**Instructions for the task**
Every entry should be repeated exactly. Omit the pictures.
■ ■ ■ ■ ■ ■ ■
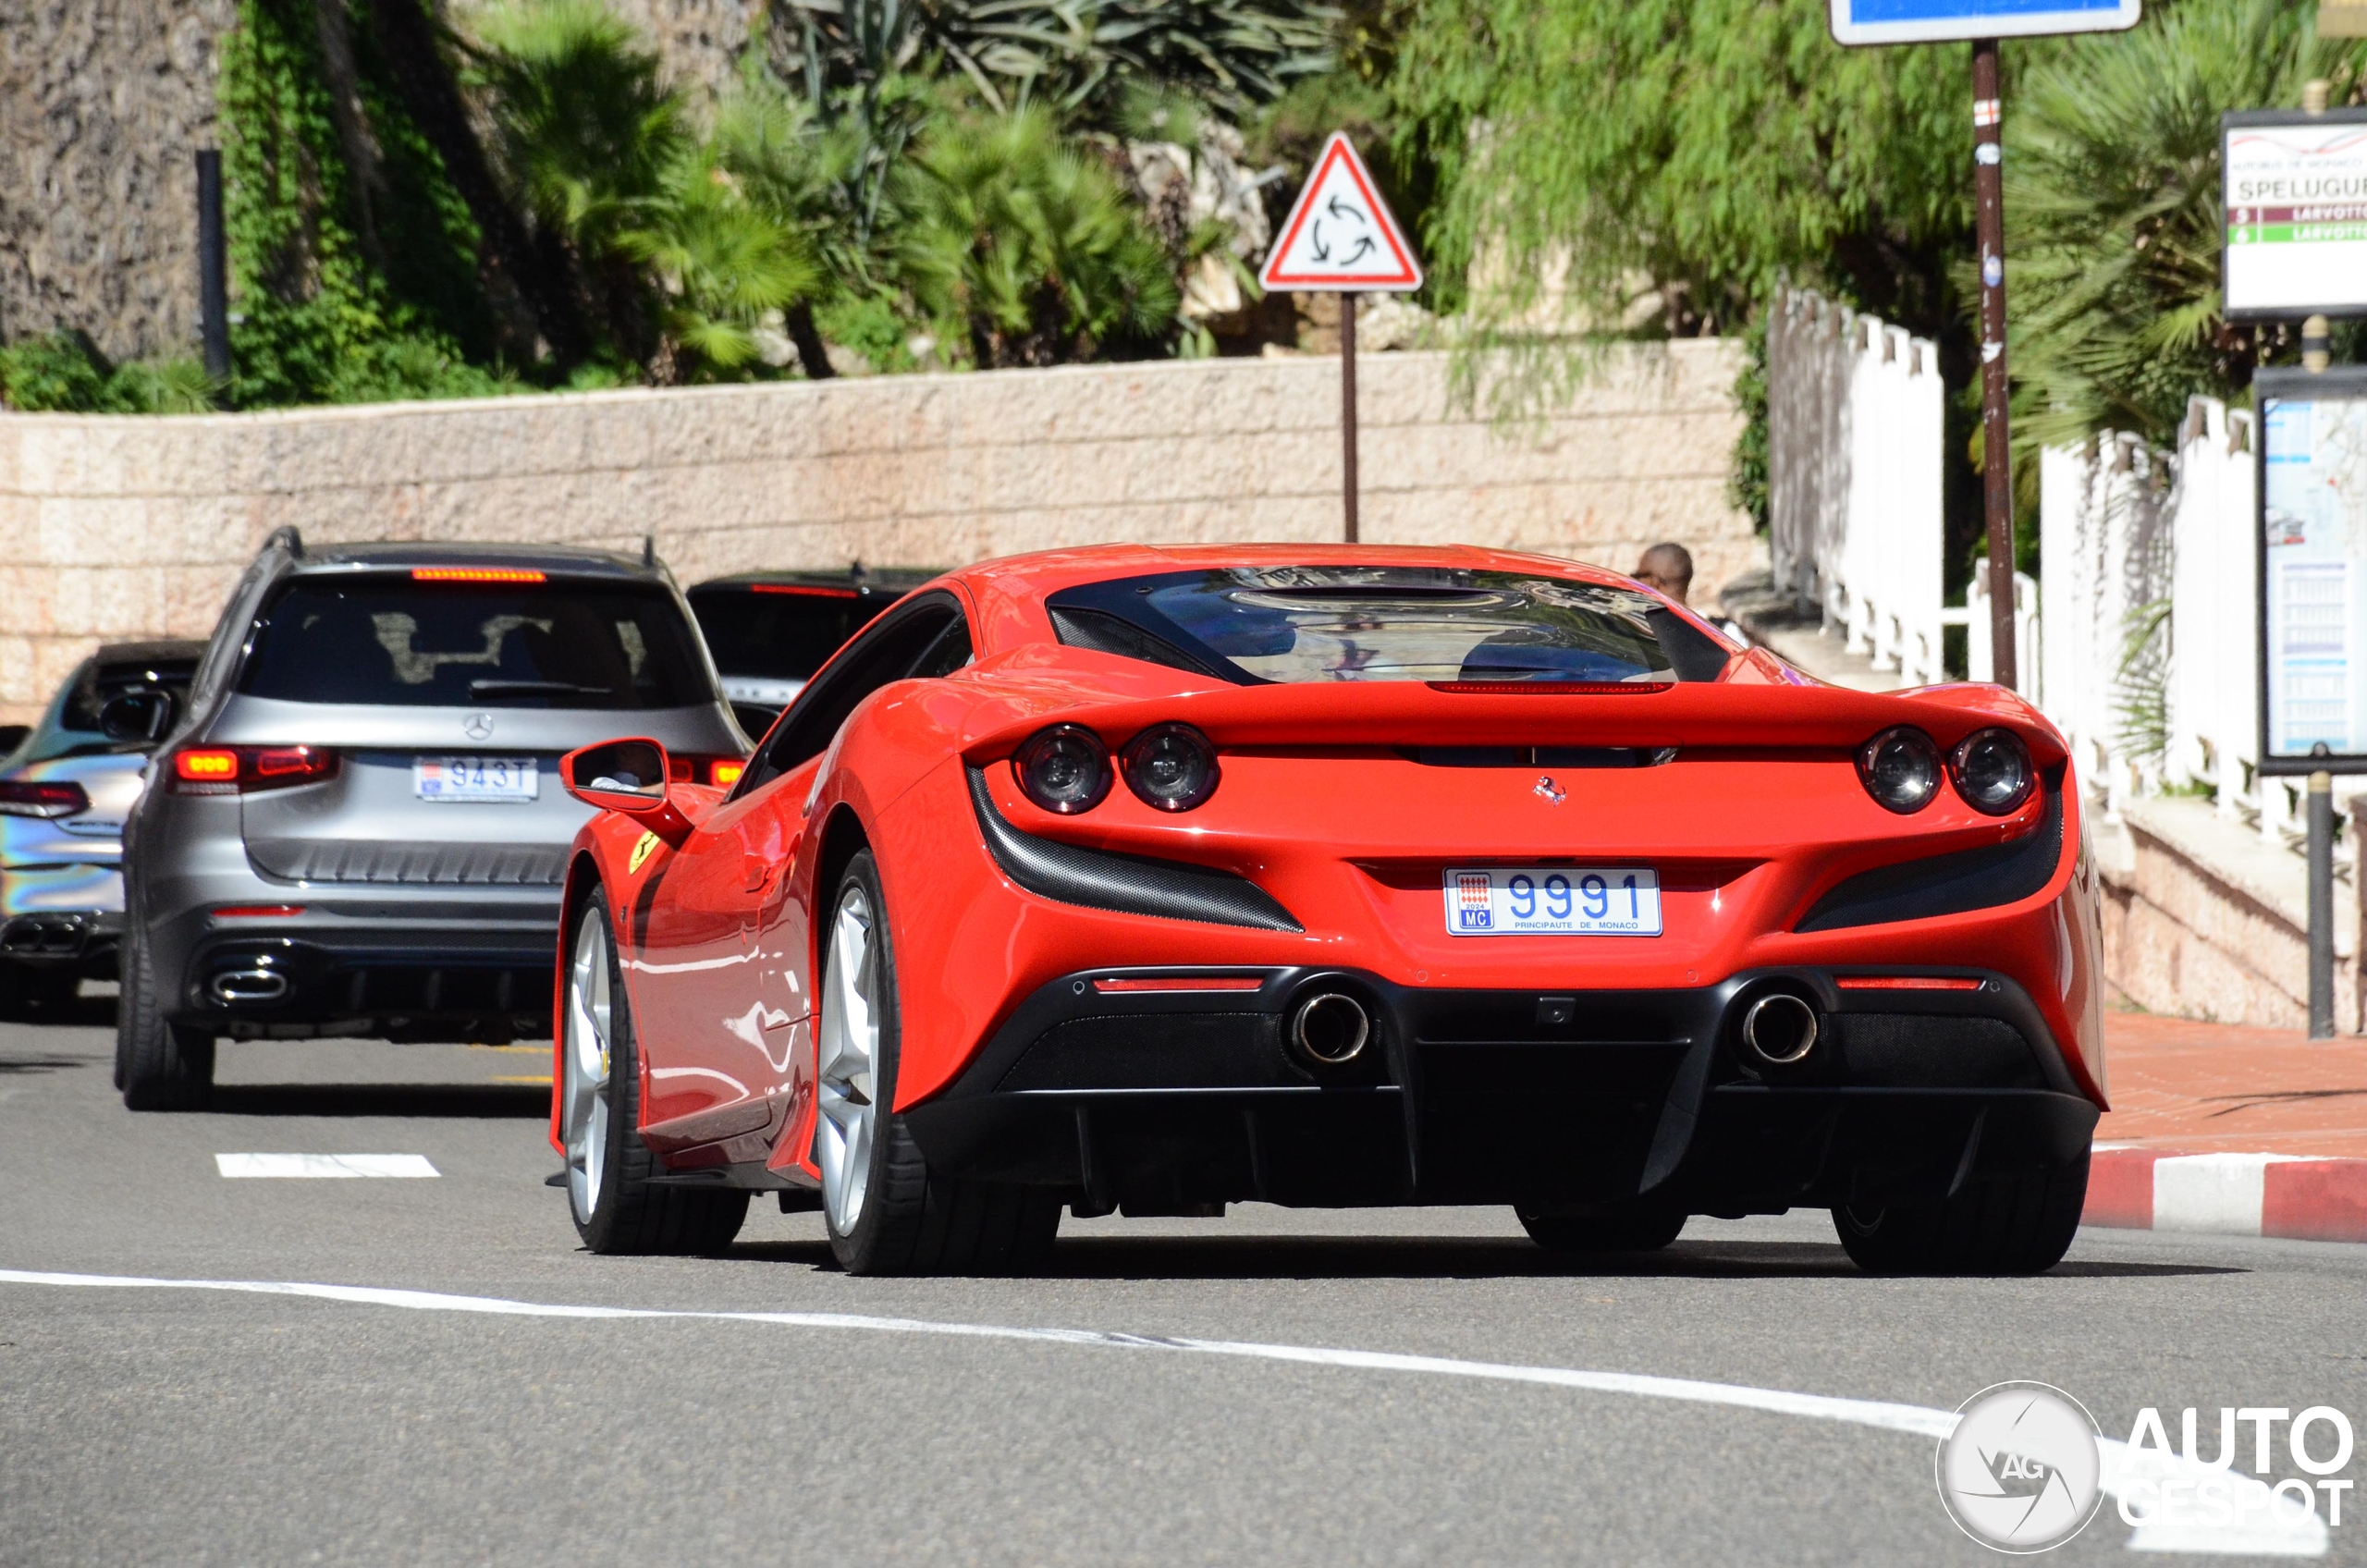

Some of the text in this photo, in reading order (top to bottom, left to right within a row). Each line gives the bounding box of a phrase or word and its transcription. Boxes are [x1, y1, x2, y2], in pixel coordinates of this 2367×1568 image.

[451, 761, 529, 787] 943T
[1508, 874, 1638, 919] 9991
[1466, 911, 1487, 926] MC
[1515, 921, 1573, 929] PRINCIPAUTE
[1599, 922, 1638, 930] MONACO
■ ■ ■ ■ ■ ■ ■
**Result of the task**
Some of the text in this photo, in reading order (top to bottom, left to right within a row). Each line gives the bounding box of a phrase or word and its transcription. Boxes are [x1, y1, x2, y2], in pixel coordinates of this 2367×1568 image.

[451, 761, 529, 787] 943T
[1508, 874, 1638, 919] 9991
[1466, 911, 1487, 926] MC
[1515, 921, 1573, 929] PRINCIPAUTE
[1599, 922, 1638, 930] MONACO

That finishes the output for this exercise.